▶ _TASK INSTRUCTIONS_
Type out the listing below exactly. Pictures stay out of it.

▶ _EXERCISE DATA_
# # # # # # #
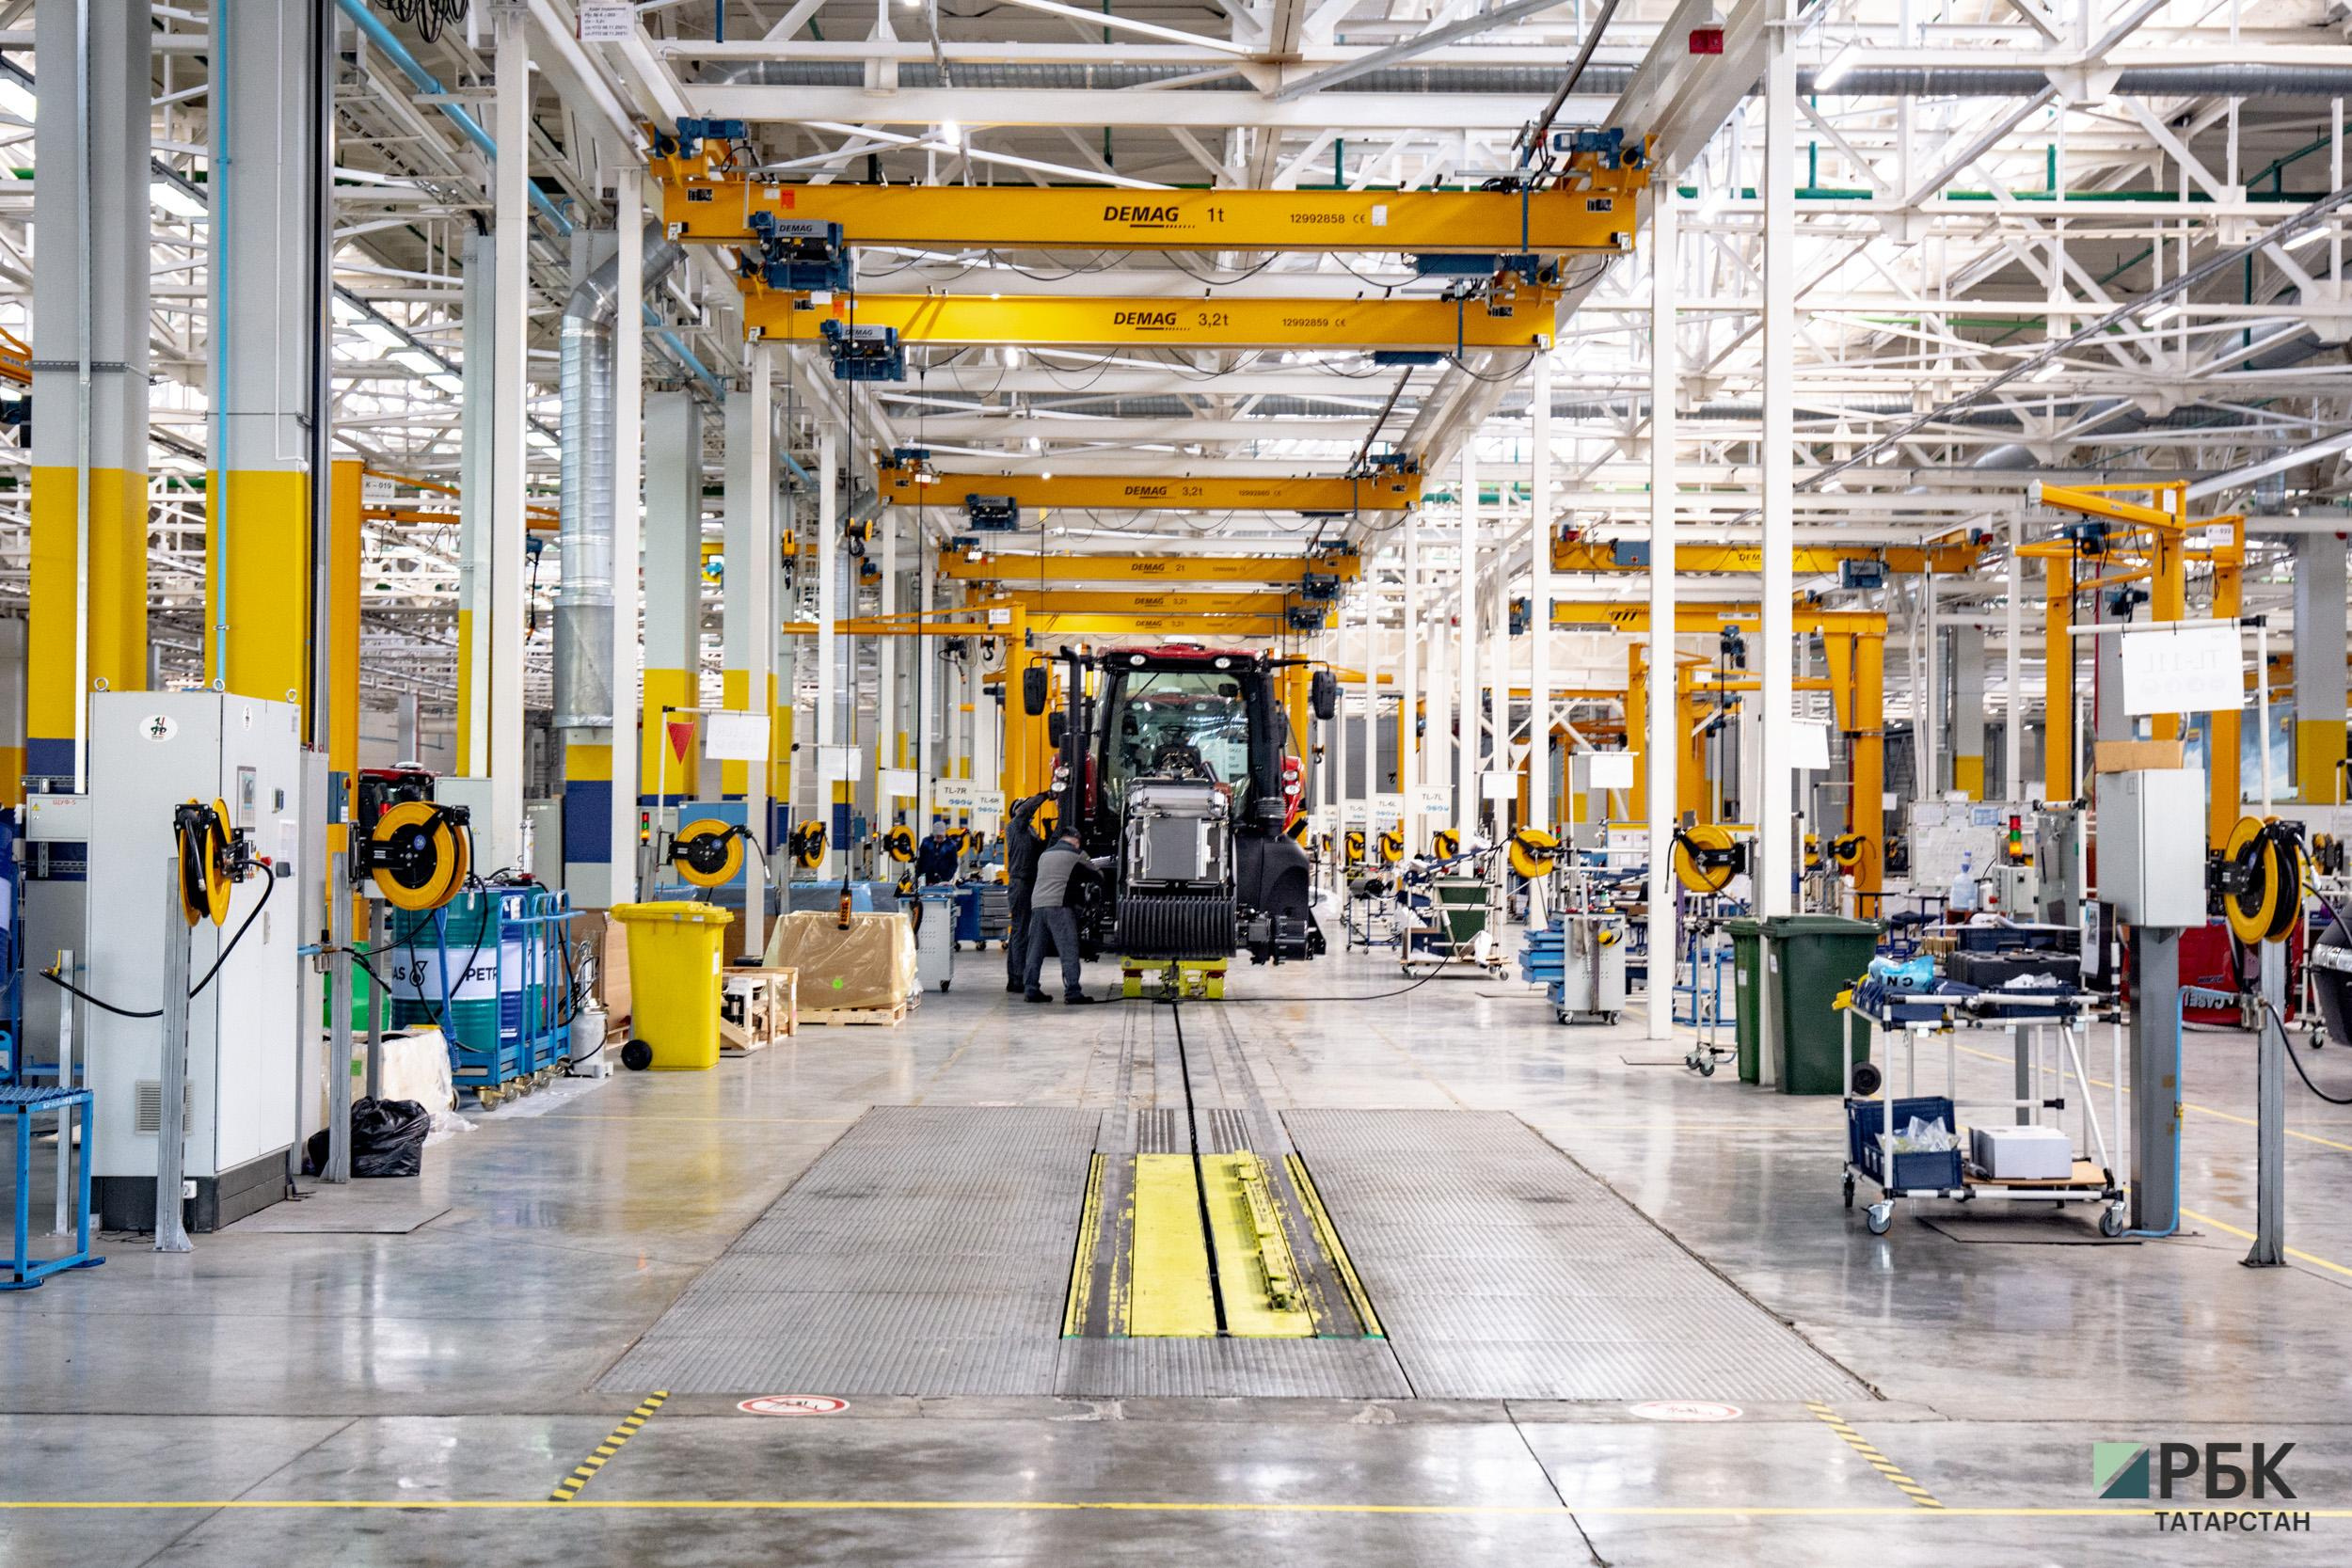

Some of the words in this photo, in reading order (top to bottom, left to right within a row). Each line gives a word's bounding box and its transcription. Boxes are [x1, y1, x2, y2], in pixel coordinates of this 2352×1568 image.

[1103, 206, 1180, 223] DEMAG
[1207, 207, 1225, 223] 1t
[1290, 214, 1345, 224] 12992858
[778, 224, 813, 233] DEMAG
[1113, 311, 1177, 326] DEMAG
[1281, 318, 1328, 327] 12992859
[1124, 485, 1168, 496] DEMAG
[1131, 563, 1166, 572] DEMAG
# # # # # # #
▶ _ANSWER SPACE_
Some of the words in this photo, in reading order (top to bottom, left to right within a row). Each line gives a word's bounding box and its transcription. Boxes are [x1, y1, x2, y2], in pixel coordinates of this 2352×1568 image.

[1103, 206, 1180, 223] DEMAG
[1207, 207, 1225, 223] 1t
[1290, 214, 1345, 224] 12992858
[778, 224, 813, 233] DEMAG
[1113, 311, 1177, 326] DEMAG
[1281, 318, 1328, 327] 12992859
[1124, 485, 1168, 496] DEMAG
[1131, 563, 1166, 572] DEMAG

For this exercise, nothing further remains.